Or, le résultat de cette expérience est sans appel : dans le cas où il est possible de déterminer, grâce à la mesure du recul (c’est-à-dire du transfert de quantité de mouvement), le chemin emprunté par l’électron, la figure d’interférence disparaît, contrairement à ce que prévoyait Einstein. Cette expérience confirme donc de manière très solide l’interprétation probabiliste de la physique quantique défendue par Bohr et Heisenberg et formalisée dans le principe de complémentarité qui veut qu’un objet ou système quantique ne peut en aucun cas être perçu simultanément sous ses deux aspects (corpusculaire ou ondulatoire) et prend toujours exclusivement l’une ou l’autre forme, en fonction du dispositif d’observation utilisé.

Cette « étrangeté quantique » est particulièrement déroutante car elle remet en cause frontalement les principes des postulats de la physique classique, notamment les principes de causalité et de localité. Une des conséquences particulièrement troublantes de la physique quantique est celle des « photons corrélés ». En effet, selon la théorie quantique, un photon ne se voit affecté d’une direction particulière qu’au moment où il est détecté et mesuré. Mais, plus troublant encore, à partir du moment où deux photons proviennent d’une même source, toute mesure sur l’un semble produire un effet qui influe instantanément sur la mesure de l’autre. 
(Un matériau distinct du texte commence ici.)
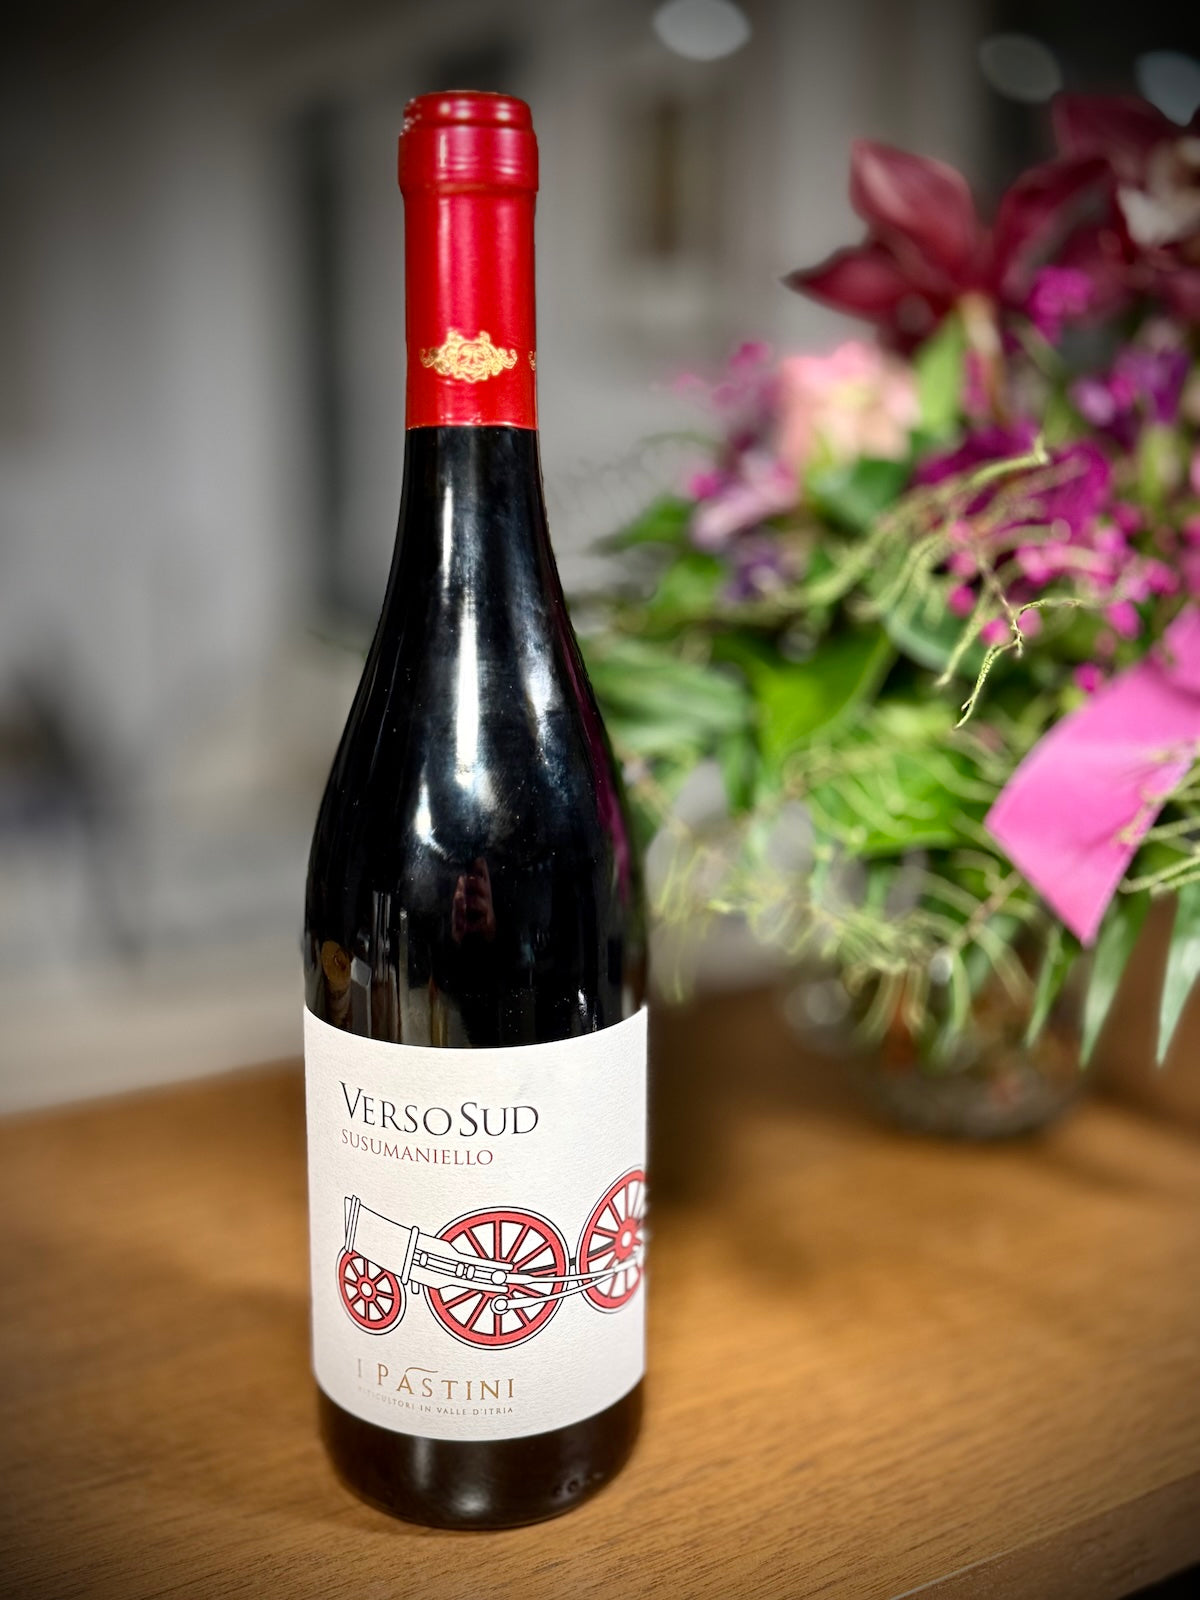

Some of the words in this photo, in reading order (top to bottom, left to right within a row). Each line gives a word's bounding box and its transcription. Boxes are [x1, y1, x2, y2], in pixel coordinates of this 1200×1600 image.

[341, 1128, 494, 1166] SUSUMANIELLO
[357, 1358, 363, 1379] I
[420, 1404, 432, 1414] IN
[436, 1407, 467, 1416] VALLE
[472, 1406, 514, 1416] D'ITRIA
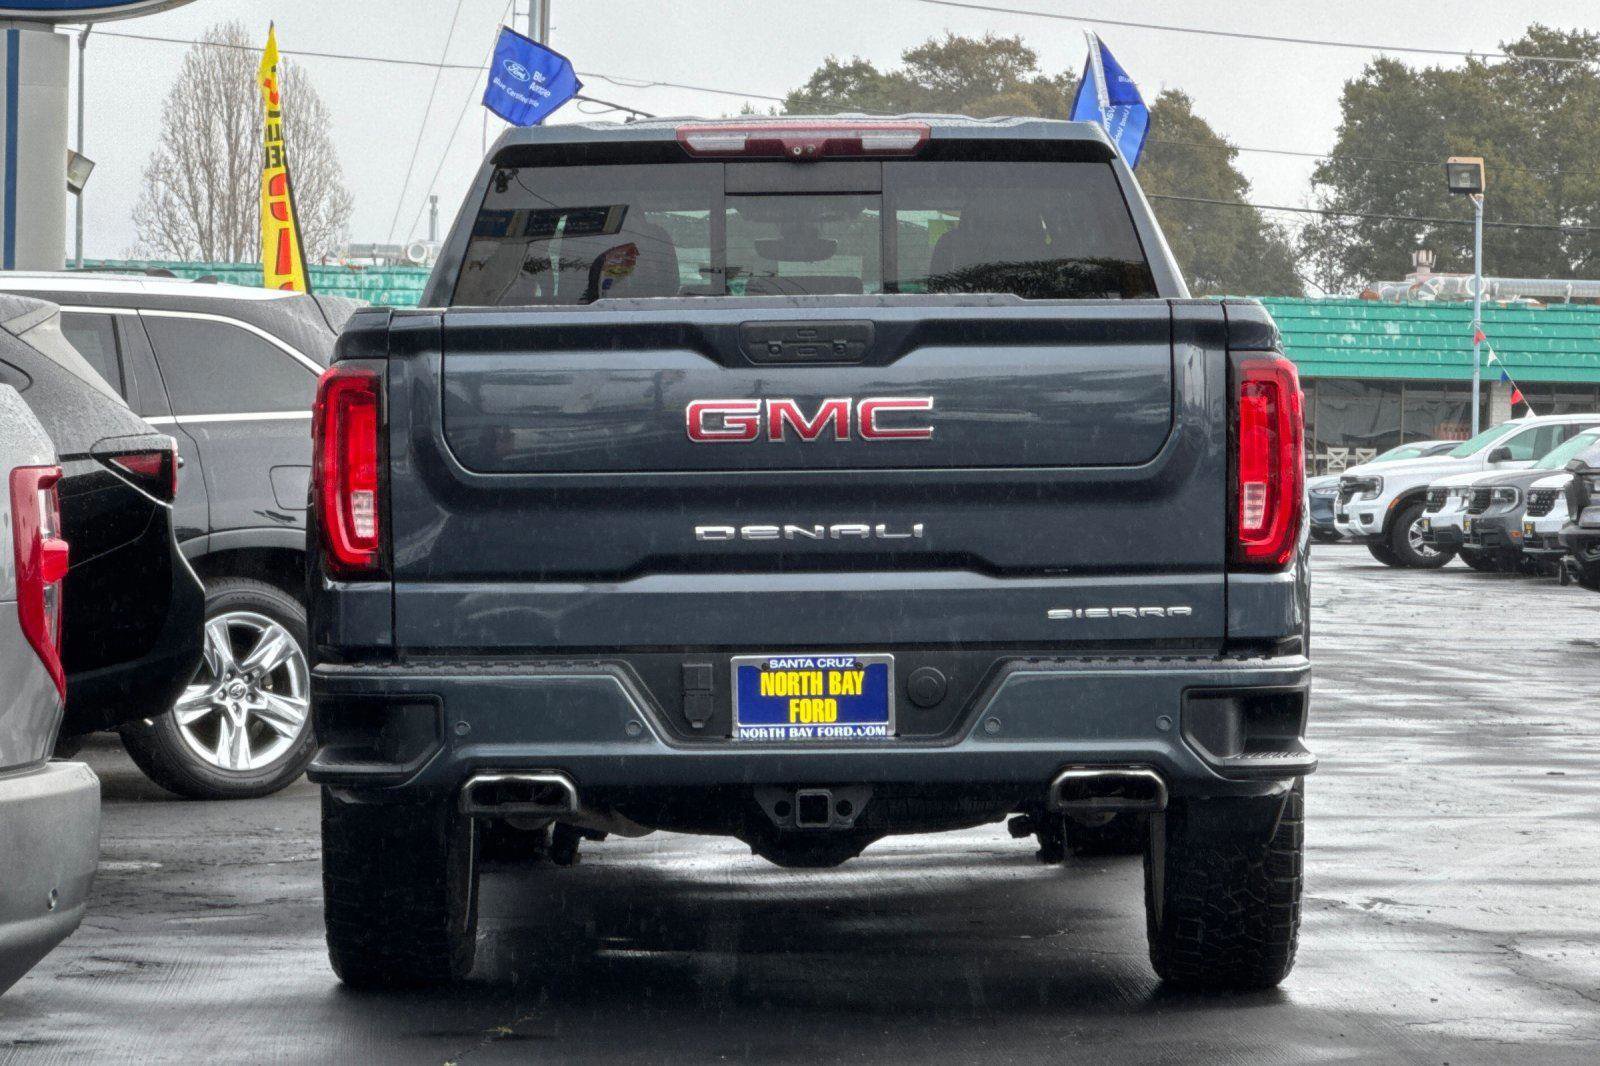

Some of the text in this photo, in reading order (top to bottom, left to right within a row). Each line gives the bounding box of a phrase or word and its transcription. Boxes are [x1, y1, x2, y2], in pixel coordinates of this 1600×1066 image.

Mais le plus étonnant dans cette observation est qu’elle ne dépend pas de la distance qui sépare les deux photos. Peu importe que ceux-ci soient distants de quelques centimètres ou de plusieurs millions d’années-lumière : à partir du moment où ils sont issus de la même source, leur « comportement » va rester à jamais « intriqué », c’est-à-dire lié, bien qu’il ne puisse y avoir aucun échange d’informations entre ces deux particules. Pour Einstein, il y avait là un paradoxe (le paradoxe EPR, du nom d’Einstein, Podolsky et Rosen) intenable qui montrait que la physique quantique ne pouvait pas être une description complète de la réalité car elle ne prenait pas, selon lui, en compte certaines « variables cachées » qui restaient à découvrir. Mais on le sait, s’appuyant sur les travaux du physicien irlandais John Bell, le physicien français Alain Aspect réalisa en 1982, à Orsay, une extraordinaire expérience dans laquelle il put montrer avec un haut degré de précision que des photons émis d’une même source se comportaient bien comme le prévoyait la mécanique quantique et restaient corrélés dans leur mesure, sans avoir besoin d’échanger d’information et indépendamment de la distance les séparant…

Mais on le sait, en sciences, une théorie, aussi solide soit-elle, ne peut jamais être considérée comme définitivement établie et complète. Elle doit constamment être soumise à des vérifications expérimentales de plus en plus raffinées et contraignantes. C’est ce que le grand philosophe des sciences Karl Popper a magistralement montré en proposant son principe de falsifiabilité. Des physiciens du CNRS et de l'Université Paris-Sud au Laboratoire Charles Fabry (CNRS/Institut d'Optique Graduate School), toujours sous la direction d’Alain Aspect, viennent cette fois de montrer, il y a quelques semaines, que la nature quantique des photons peut également être étendue aux particules de matière.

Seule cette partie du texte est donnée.